> **What the task requires**: The copy must match the data word for word and contain no pictures.

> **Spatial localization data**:
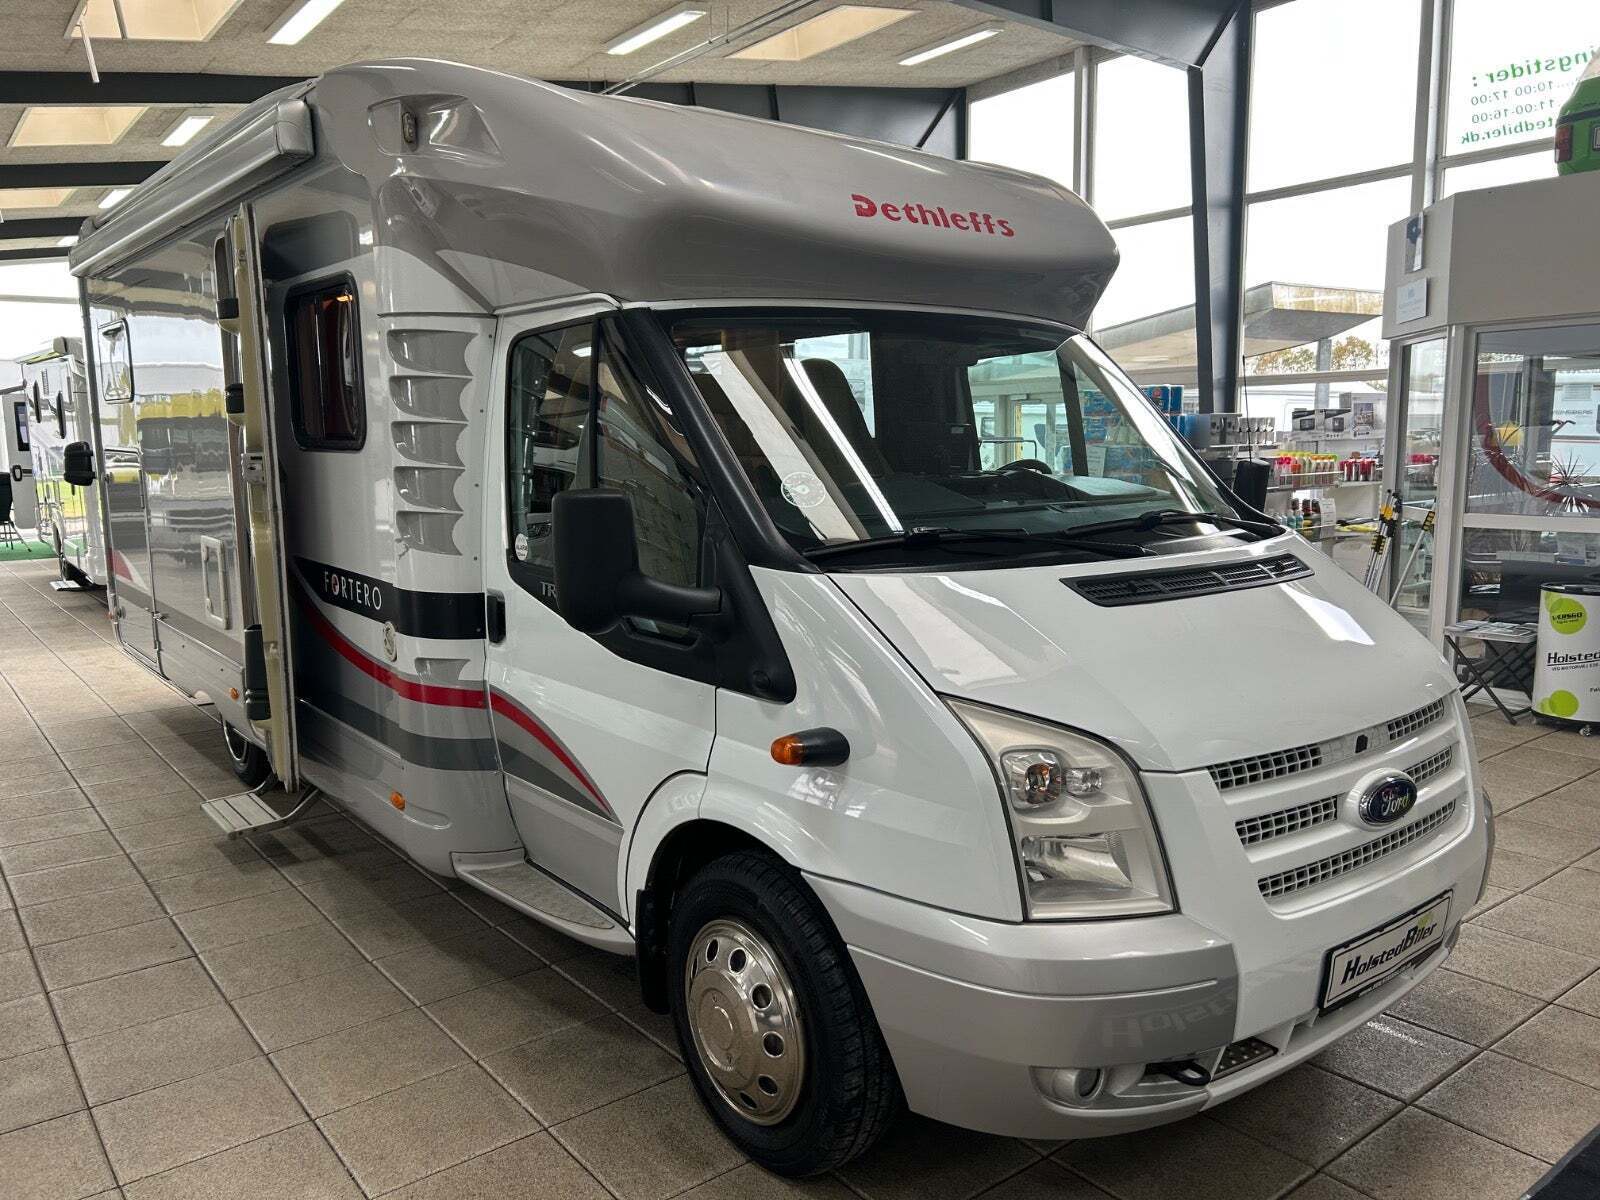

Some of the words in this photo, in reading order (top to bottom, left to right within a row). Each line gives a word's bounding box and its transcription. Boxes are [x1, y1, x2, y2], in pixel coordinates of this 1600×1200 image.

[851, 194, 1015, 237] Dethleffs
[324, 570, 382, 610] FORTERO
[1381, 787, 1410, 816] Ford
[1340, 922, 1438, 985] HolstedBiler
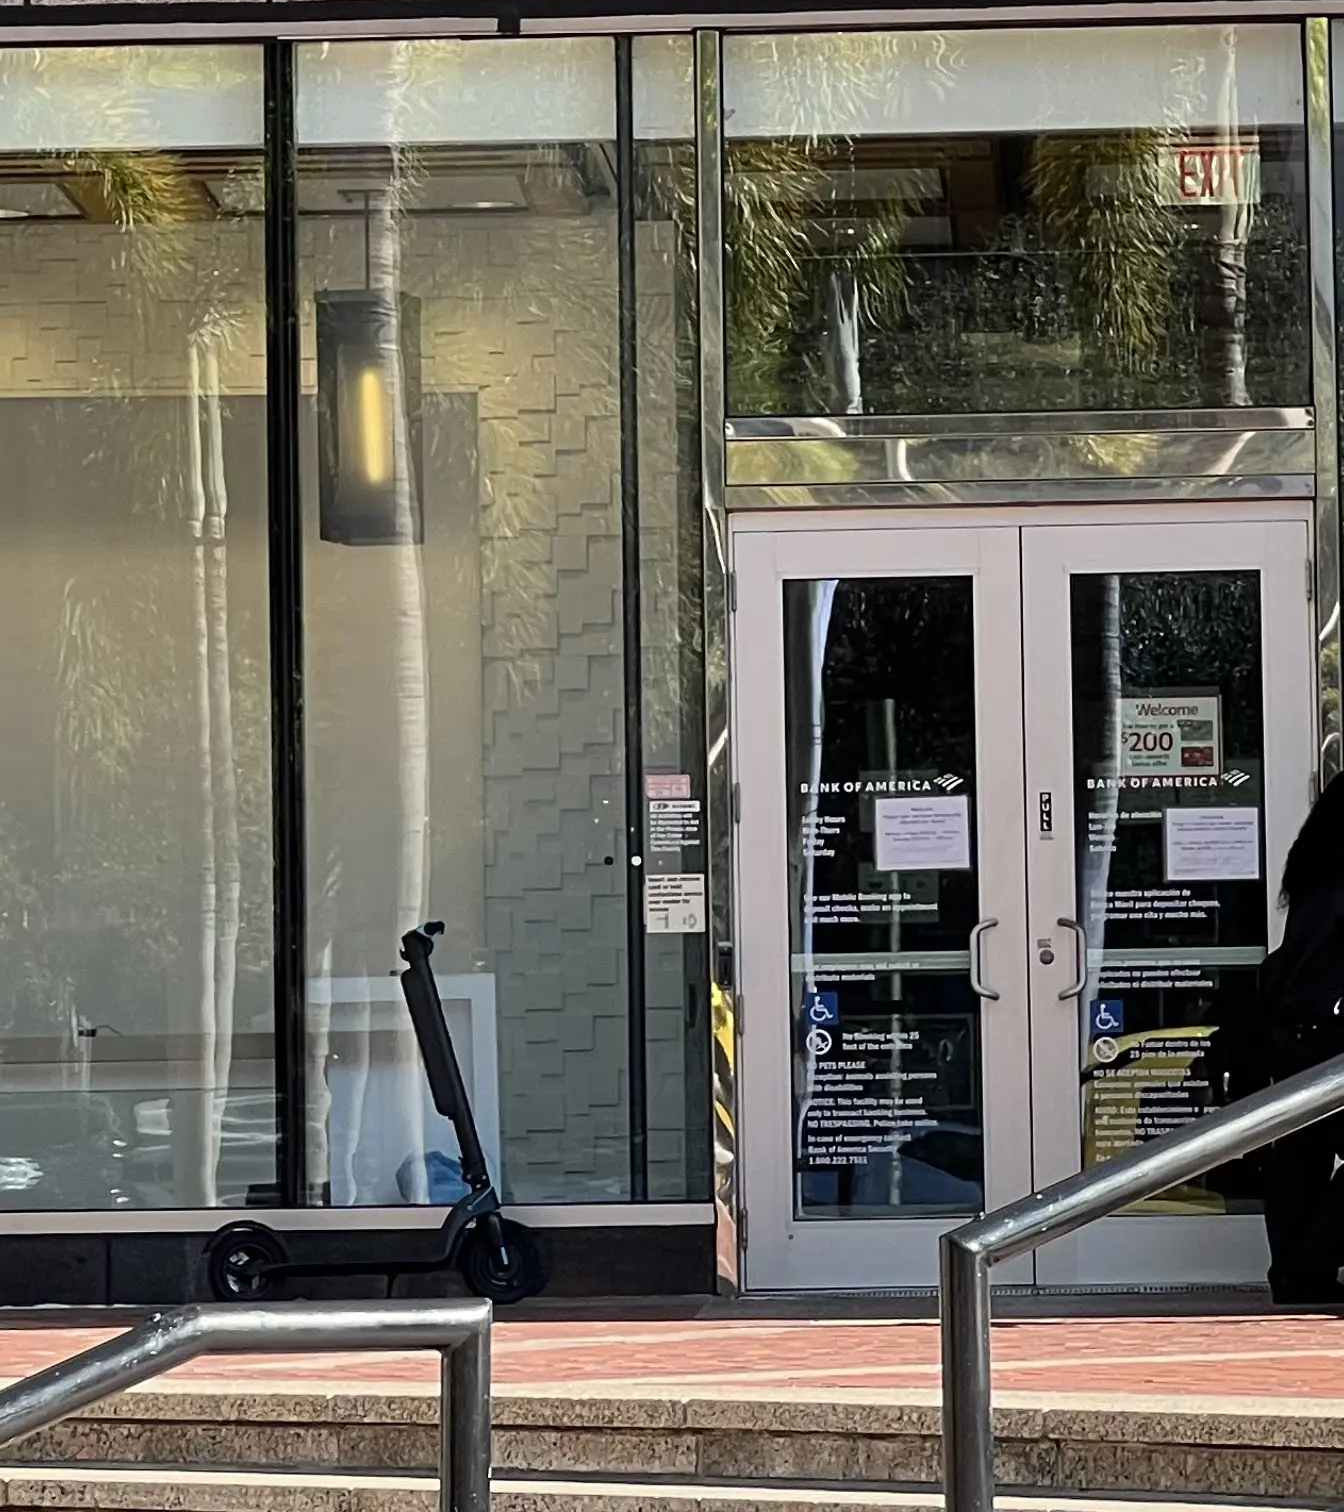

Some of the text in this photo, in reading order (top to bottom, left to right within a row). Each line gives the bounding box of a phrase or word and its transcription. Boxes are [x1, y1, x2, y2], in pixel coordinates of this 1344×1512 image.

[1180, 148, 1244, 198] EXIT
[1136, 703, 1198, 716] Welcome
[1121, 732, 1173, 751] $200
[843, 781, 862, 792] OF
[865, 780, 932, 792] AMERICA
[1087, 777, 1218, 789] BANK OF AMERICA
[1041, 794, 1050, 830] PULL
[838, 1061, 866, 1069] PLEASE
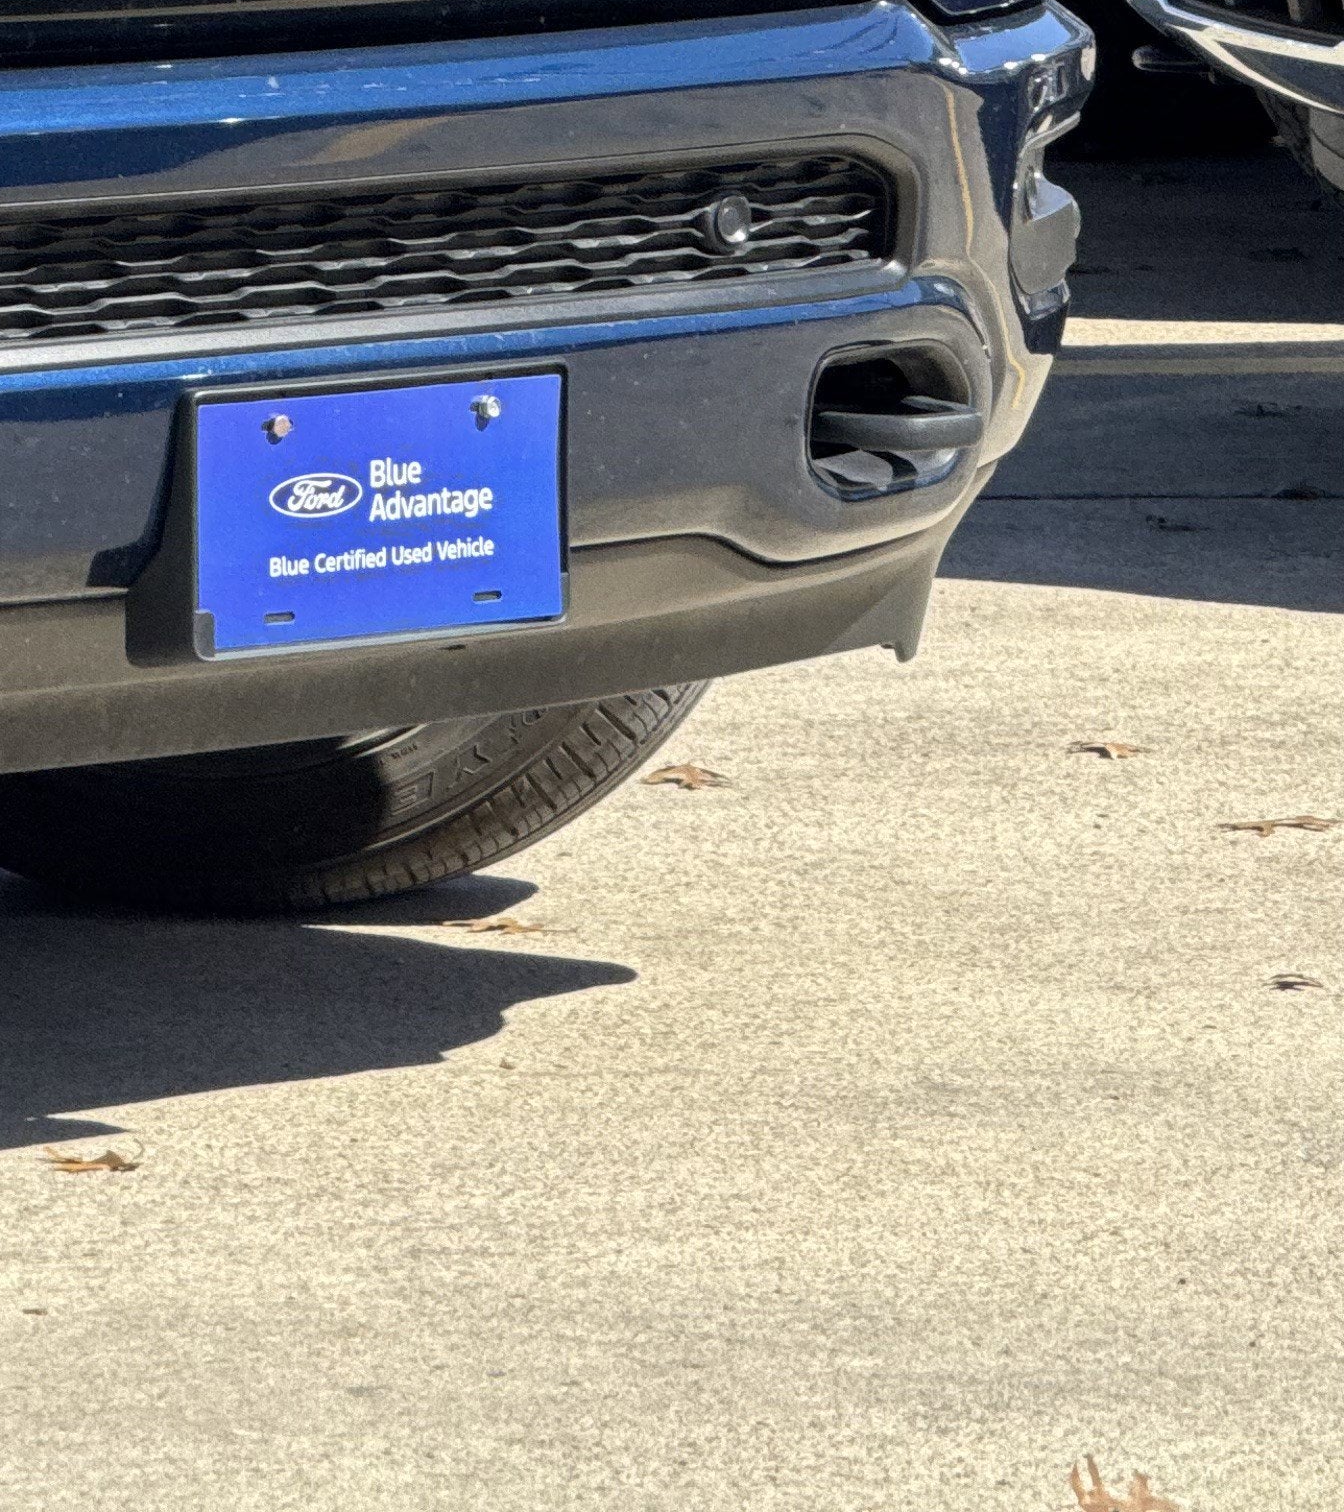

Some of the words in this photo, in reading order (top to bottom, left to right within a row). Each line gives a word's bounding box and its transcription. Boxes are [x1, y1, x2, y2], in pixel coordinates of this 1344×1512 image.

[369, 457, 422, 488] Blue
[287, 479, 346, 511] Ford
[369, 487, 493, 522] Advantage
[269, 555, 310, 578] Blue
[314, 546, 387, 574] Certified
[391, 541, 433, 566] Used
[436, 535, 496, 561] Vehicle

> **Response**:
Some of the words in this photo, in reading order (top to bottom, left to right within a row). Each line gives a word's bounding box and its transcription. Boxes are [x1, y1, x2, y2], in pixel coordinates of this 1600×1200 image.

[851, 194, 1015, 237] Dethleffs
[324, 570, 382, 610] FORTERO
[1381, 787, 1410, 816] Ford
[1340, 922, 1438, 985] HolstedBiler

Some of the text in this photo, in reading order (top to bottom, left to right within a row). Each line gives the bounding box of a phrase or word and its transcription. Boxes are [x1, y1, x2, y2], in pixel coordinates of this 1344×1512 image.

[1180, 148, 1244, 198] EXIT
[1136, 703, 1198, 716] Welcome
[1121, 732, 1173, 751] $200
[843, 781, 862, 792] OF
[865, 780, 932, 792] AMERICA
[1087, 777, 1218, 789] BANK OF AMERICA
[1041, 794, 1050, 830] PULL
[838, 1061, 866, 1069] PLEASE

Some of the words in this photo, in reading order (top to bottom, left to right within a row). Each line gives a word's bounding box and its transcription. Boxes are [x1, y1, x2, y2], in pixel coordinates of this 1344×1512 image.

[369, 457, 422, 488] Blue
[287, 479, 346, 511] Ford
[369, 487, 493, 522] Advantage
[269, 555, 310, 578] Blue
[314, 546, 387, 574] Certified
[391, 541, 433, 566] Used
[436, 535, 496, 561] Vehicle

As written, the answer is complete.